A faster preprocessing solution:

  1. Split the huge nanopolish file into smaller files
  2. Run with preprocessing smaller runs
  3. Predict CHEUI model 1 on the split files
  4. Merge and sort the CHEUI model 2 predictions, e.g. cat *model1.tsv | sort -k1 --parallel=32 --buffer-size=128G > "./${sample_name}_combined_read_level_sorted.txt"
  5. Run model2 on the merged file

Hope this helps,
Eileen

Hi,
Great! I will try it.

Thanks a lot
Bai

Hi Eileen,
I followed your suggestions, but I was unfamiliar with the preprocessing output file because it is a binary file. Can you please provide the scripts for combining all the preprocessing outputs into one file?

Thanks a lot,
Bai

Hi Bai,

To combine the split files can you please run the combine_binary_file.py in the scripts folder as below:
python3 ../scripts/combine_binary_file.py -i folder with split binary files -o combined output file name

here you need to provide the path of the folder with all the split files in it and the output file name.
Thanks,
Akanksha

Hi Akanksha,

Big thanks for your help.
I still have a question. The splited preprocessed file and combined file was the same file format. but why the combined file size were small than splited file?

Thanks a lot,
Bai

Hi Bai,

Yes, we noted that as well in our test case for the script.

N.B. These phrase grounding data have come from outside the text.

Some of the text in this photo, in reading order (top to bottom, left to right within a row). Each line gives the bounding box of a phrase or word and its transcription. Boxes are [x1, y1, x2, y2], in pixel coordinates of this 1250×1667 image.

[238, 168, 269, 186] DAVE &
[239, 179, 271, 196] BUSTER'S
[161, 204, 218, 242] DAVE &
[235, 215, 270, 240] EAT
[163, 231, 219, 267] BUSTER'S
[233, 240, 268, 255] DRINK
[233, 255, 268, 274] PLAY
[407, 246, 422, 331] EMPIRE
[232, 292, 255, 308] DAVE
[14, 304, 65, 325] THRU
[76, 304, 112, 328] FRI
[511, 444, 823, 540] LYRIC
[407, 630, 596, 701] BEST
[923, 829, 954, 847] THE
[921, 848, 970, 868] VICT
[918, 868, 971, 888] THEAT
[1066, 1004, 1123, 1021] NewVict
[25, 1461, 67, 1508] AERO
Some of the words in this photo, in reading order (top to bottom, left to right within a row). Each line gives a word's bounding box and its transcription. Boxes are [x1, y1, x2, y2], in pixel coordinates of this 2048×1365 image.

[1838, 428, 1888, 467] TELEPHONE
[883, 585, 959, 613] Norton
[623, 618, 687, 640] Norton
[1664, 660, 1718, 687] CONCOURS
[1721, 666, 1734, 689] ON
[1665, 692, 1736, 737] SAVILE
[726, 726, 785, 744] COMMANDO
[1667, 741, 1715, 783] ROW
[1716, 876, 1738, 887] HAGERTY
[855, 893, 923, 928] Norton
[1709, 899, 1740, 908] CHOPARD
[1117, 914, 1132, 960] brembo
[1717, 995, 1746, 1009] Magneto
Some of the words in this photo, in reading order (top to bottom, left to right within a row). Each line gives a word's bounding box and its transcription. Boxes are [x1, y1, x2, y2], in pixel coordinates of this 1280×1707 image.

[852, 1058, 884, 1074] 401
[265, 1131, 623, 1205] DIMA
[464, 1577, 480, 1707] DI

But it could be because it is a binary file. Also, the number of processed signals in the combined file is equal to the sum of processed signals in the individual files. So it should be fine for the next step. But, I would recommend not deleting the individual split files until you have the final results.

Thanks,
Akanksha

Hi Akanksha,

The combined file seem does not work in next step, it throws the following error:
2023-05-16 15:09:28.362177: I tensorflow/stream_executor/platform/default/dso_loader.cc:49] Successfully opened dynamic library libcudart.so.10.1 2023-05-16 15:09:29.863226: I tensorflow/compiler/jit/xla_cpu_device.cc:41] Not creating XLA devices, tf_xla_enable_xla_devices not set 2023-05-16 15:09:29.863463: W tensorflow/stream_executor/platform/default/dso_loader.cc:60] Could not load dynamic library 'libcuda.so.1'; dlerror: libcuda.so.1: cannot open shared object file: No such file or directory 2023-05-16 15:09:29.863479: W tensorflow/stream_executor/cuda/cuda_driver.cc:326] failed call to cuInit: UNKNOWN ERROR (303) 2023-05-16 15:09:29.863506: I tensorflow/stream_executor/cuda/cuda_diagnostics.cc:156] kernel driver does not appear to be running on this host (retox): /proc/driver/nvidia/version does not exist 2023-05-16 15:09:29.863697: I tensorflow/core/platform/cpu_feature_guard.cc:142] This TensorFlow binary is optimized with oneAPI Deep Neural Network Library (oneDNN) to use the following CPU instructions in performance-critical operations: SSE4.1 SSE4.2 AVX AVX2 FMA To enable them in other operations, rebuild TensorFlow with the appropriate compiler flags. 2023-05-16 15:09:29.867528: I tensorflow/compiler/jit/xla_gpu_device.cc:99] Not creating XLA devices, tf_xla_enable_xla_devices not set dictionary update sequence element #0 has length 152; 2 is required All signals have been processed 1
It worked with my individual split files.

Thanks a lot
Bai

Hi Bai,

Sorry, there was a bug in the code. The code was only combining the keys and not the values.
I have updated it now. Could you please give it a try now?

Thanks,
Akanksha

Hi Akanksha,

Yes, it works, but it consumed too much memory usage.

Thanks,
Bai

Hi Bai,

Sorry, could you please try the latest updated version of the script? It should solve the memory issue.

Thanks,
Akanksha

Hi Akanksha,

Big thanks to you, the memory issue solved.